Task objective
The records below need to be repeated exactly, with every picture left out.

Raw data

•••••

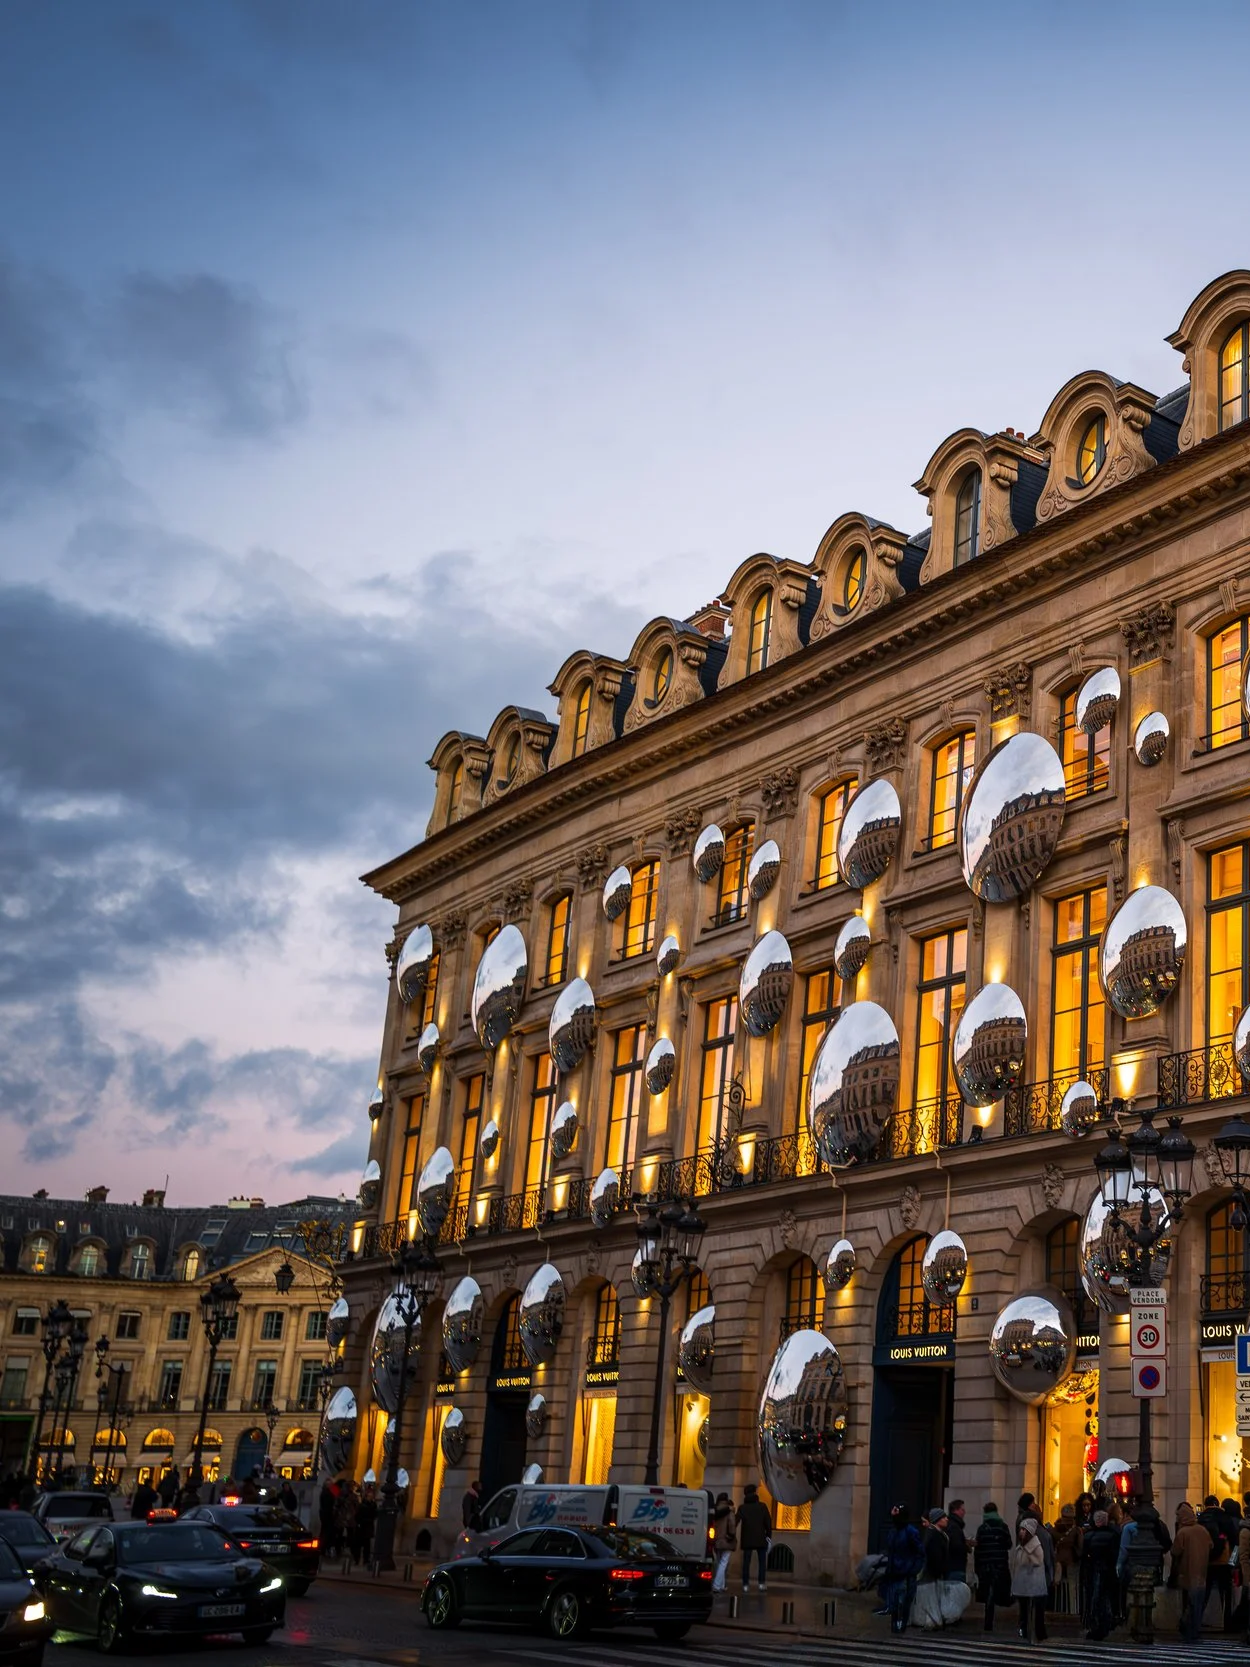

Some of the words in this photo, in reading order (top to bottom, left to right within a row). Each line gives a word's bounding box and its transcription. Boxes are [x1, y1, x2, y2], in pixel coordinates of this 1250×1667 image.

[1137, 1290, 1159, 1298] PLACE
[1137, 1312, 1159, 1320] ZONE
[1142, 1331, 1155, 1342] 30
[1202, 1324, 1232, 1338] LOUIS
[890, 1347, 912, 1361] LOUIS
[914, 1345, 947, 1360] VUITTON
[496, 1378, 510, 1388] LOUIS
[586, 1372, 602, 1383] LOUIS

•••••

Your response
Some of the words in this photo, in reading order (top to bottom, left to right within a row). Each line gives a word's bounding box and its transcription. Boxes are [x1, y1, x2, y2], in pixel coordinates of this 1250×1667 image.

[1137, 1290, 1159, 1298] PLACE
[1137, 1312, 1159, 1320] ZONE
[1142, 1331, 1155, 1342] 30
[1202, 1324, 1232, 1338] LOUIS
[890, 1347, 912, 1361] LOUIS
[914, 1345, 947, 1360] VUITTON
[496, 1378, 510, 1388] LOUIS
[586, 1372, 602, 1383] LOUIS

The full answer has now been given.